Tourists in Iceland Will Be Tested for Covid-19 On Arrival

Earlier this week, prime minister Katrin Jakobsdottir said the country would reopen to international visitors no later than June 15.

Seljalandsfoss, a glacier-fed waterfall in southern Iceland. (David Mark/Pixabay)

Instead of going through a two-week quarantine, travelers arriving in Iceland (including those from outside the Schengen Area) can choose to be tested for Covid-19 at the airport once it opens to tourists this June. Visitors will likely be required to download the official contact tracing app being used by as much as 40 percent of Iceland’s population. Those concerned about the protection of their personal details will feel secure in the knowledge that location data stored in the user’s phone is only released for tracing purposes when a Covid-19 infection is discovered.

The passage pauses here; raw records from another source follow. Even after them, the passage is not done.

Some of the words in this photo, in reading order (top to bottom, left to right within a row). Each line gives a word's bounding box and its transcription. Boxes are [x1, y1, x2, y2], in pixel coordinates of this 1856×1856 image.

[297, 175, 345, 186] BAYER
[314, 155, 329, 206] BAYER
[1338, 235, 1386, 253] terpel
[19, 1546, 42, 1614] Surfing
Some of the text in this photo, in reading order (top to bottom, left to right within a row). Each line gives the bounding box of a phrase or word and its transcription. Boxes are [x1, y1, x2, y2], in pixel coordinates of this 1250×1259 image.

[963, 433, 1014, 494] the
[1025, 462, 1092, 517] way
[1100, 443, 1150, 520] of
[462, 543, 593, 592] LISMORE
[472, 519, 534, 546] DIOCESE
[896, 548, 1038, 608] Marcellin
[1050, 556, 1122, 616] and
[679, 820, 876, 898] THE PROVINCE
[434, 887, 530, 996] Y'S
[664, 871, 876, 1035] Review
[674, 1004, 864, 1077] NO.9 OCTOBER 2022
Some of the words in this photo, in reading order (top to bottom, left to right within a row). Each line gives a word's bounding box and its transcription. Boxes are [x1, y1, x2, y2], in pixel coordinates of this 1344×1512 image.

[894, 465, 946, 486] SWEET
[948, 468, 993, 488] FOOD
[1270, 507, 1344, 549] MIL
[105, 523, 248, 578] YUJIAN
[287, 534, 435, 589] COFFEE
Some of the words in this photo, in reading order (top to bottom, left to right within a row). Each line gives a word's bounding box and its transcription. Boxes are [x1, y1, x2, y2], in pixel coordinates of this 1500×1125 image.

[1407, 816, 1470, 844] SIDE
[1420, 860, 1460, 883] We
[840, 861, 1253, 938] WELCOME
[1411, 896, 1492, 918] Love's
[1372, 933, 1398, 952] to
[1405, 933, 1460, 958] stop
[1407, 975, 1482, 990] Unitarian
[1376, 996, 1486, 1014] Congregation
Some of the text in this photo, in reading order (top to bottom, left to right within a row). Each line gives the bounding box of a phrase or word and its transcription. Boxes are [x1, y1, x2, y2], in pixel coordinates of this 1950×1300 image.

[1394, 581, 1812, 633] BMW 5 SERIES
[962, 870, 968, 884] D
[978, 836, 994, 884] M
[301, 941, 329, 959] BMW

Thordis Kolbrun Reykfjord Gylfadottir, the Icelandic minister of tourism, industry, and innovation said, “when travelers return to Iceland we want to have all mechanisms in place to safeguard them and the progress made in controlling the pandemic. Iceland’s strategy of large-scale testing, tracing, and isolating has proven effective so far. We want to build on that experience of creating a safe place for those who want a change of scenery after what has been a tough spring for all of us.”

The combination of geographical isolation, an advanced healthcare system, and a quick government response to the pandemic has clearly paid dividends for Iceland. Out of just 1,802 confirmed cases nationwide, there have been 10 deaths and 1,780 patients have recovered. Only 12 active cases of the disease remain as of May 15. Per capita, Iceland has one of the highest testing rates of any country in the world, with almost 15 percent of residents already tested for Covid-19.

Across Europe, governments are keen to restart regional tourism ahead of the summer holidays, with talk of travel corridors being set up between member states of the European Union with similarly low infection rates. Estonia, Latvia, and Lithuania reopened their borders to each other earlier today, while Germany has reached an agreement with France, Austria, and Switzerland to completely lift travel restrictions by June 15.